You know what I mean?
That's what it means to people and nothing else.
I didn't realize that that existed at the level that it does until very recently.
Yeah, and you've done a bunch of videos on YouTube, I think, untangling some of that stuff and showing people, actually, no, that's not really all there is to this stuff, but how poor did you grow up?
Because you're white, so I assume you get white privilege.
I've actually had to get used to being white as I've gotten into the middle class and stuff in the past few years.
That's a recent phenomenon for me.
I tell people that sometimes.
It's true and I know it sounds weird to people.
I never felt white growing up.
I don't mean to imply that I felt black, or it's like, oh, you know what I mean?
That's not what I'm saying.
What I'm saying is, my whole life, when I've heard about white people,
and what white people do, I've thought of like, you know, Connecticut, like very yuppie-ish,
like, you know, the landed gentry, you know what I mean?
Like, that's what I thought of when I heard of white people, and I never,
we were white trash, which is completely different, you know what I mean?
I point out all the time, like a good example that I like to use is cops, right?
And now, don't get me wrong, they're not shooting rednecks in the streets,
but it's a well-established thing, culturally, that like,
Cops and rednecks don't get along.
You know what I mean?
Every episode of Cops they ever made either took place in the ghetto or the trailer park.
You know what I mean?
So like, there was definitely that feeling of like, and I don't know, no I never felt privileged at all to answer your question.
I mean, That's not the same as saying that I don't think white privilege exists in a lot of arenas or whatever it does, but I think if you're poor, it doesn't really matter very much.
The good thing is though, or the good thing, but...
If you manage to become not poor and you're a white man, then hey, it's just aces.
But you know what's funny about that is my whole life I've had this thing where You mentioned, like, the Hamptons.
I've never been, but, like, I promise you, if I, if me and you went to the Hamptons right now and we, like, pull in, we first get in there, whatever, I would immediately become very uncomfortable.
And it's, and it's an uncom, it's a, the discomfort is in a, like, a...
I don't belong here kind of way.
But then there's also the element of like, they know.
Like they're going to be able to tell, like look at me and tell, like who let the, you know, trailer trash in here or whatever.

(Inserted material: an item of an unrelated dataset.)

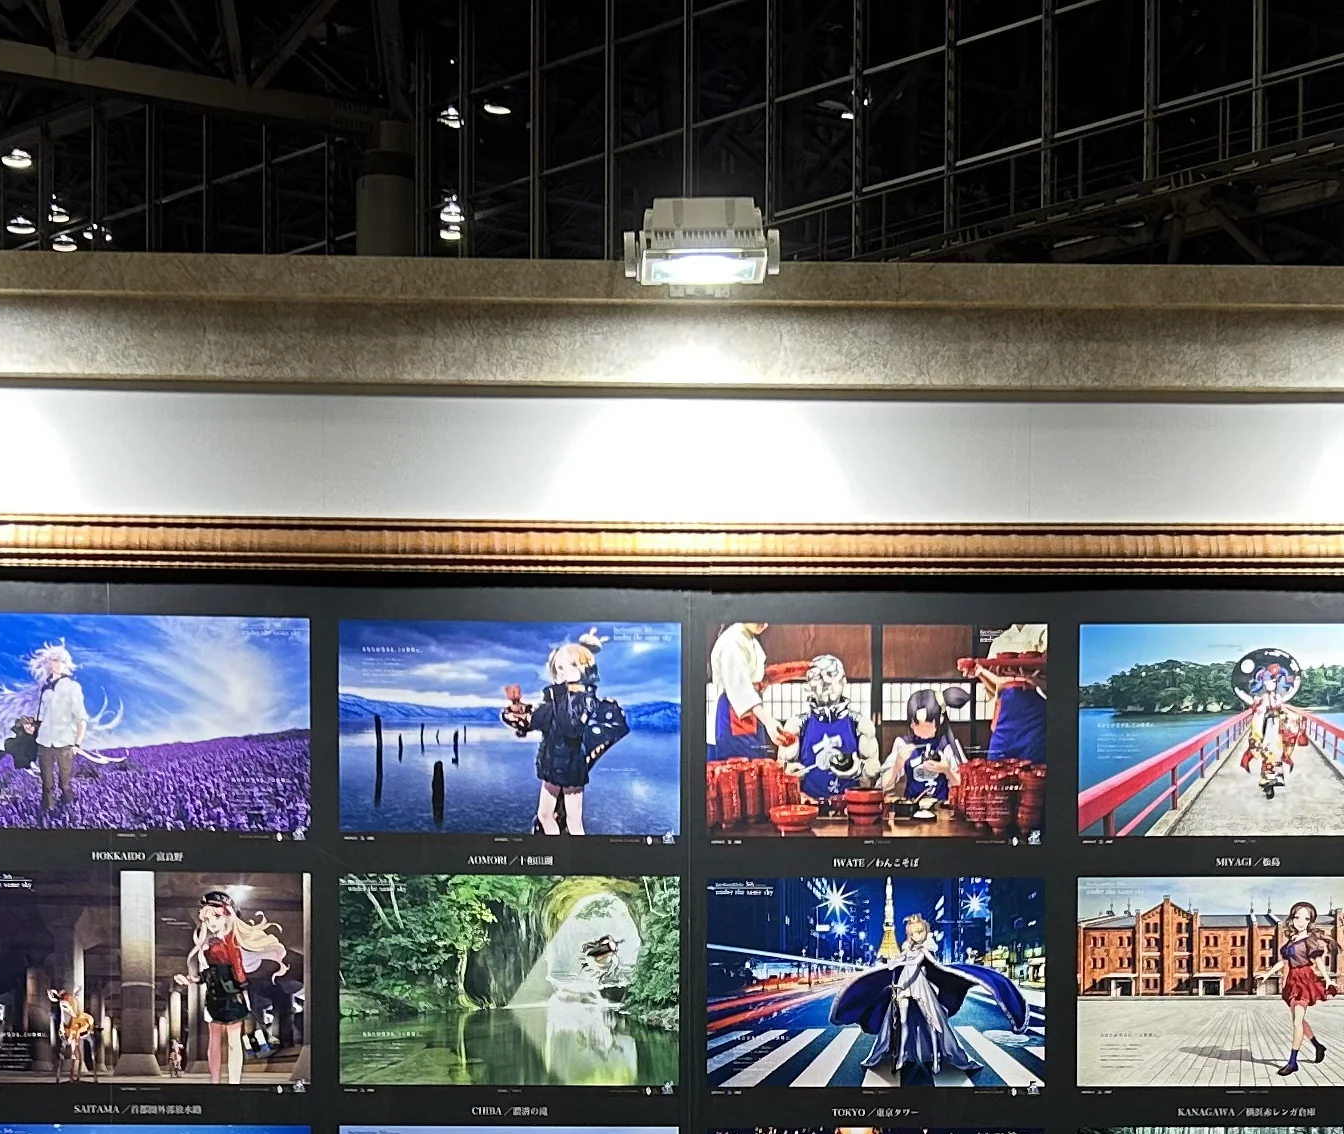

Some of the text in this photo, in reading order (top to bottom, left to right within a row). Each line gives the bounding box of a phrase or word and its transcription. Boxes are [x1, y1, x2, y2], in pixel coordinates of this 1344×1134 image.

And I know that that's irrational, but I really do like feel that and always have.
The music, I think the South, as far as regions go, I think the South has the best music or produces the best music in the country and maybe the world.
And just the way I mentioned earlier, you know, people like to have a good time.
You know what I mean?
Like people are not Very tightly wound there.
You know what I mean?
It's a lot more like laid back and just like relaxed atmosphere and none of that whole like stereotypical rat race stuff that happens.
You don't have any of that.
It's weird because sometimes I like, there's a part of me that needs that or wants that obviously or I wouldn't be doing any of this.
But there's also a part of me that appreciates that more like Pastoral type thing in my hometown.
And I've talked to like people from places like I'm from about this a lot and they pretty well agree with it like as a kid growing up People were mostly apolitical.
You know, and I mean, and that was pretty much it.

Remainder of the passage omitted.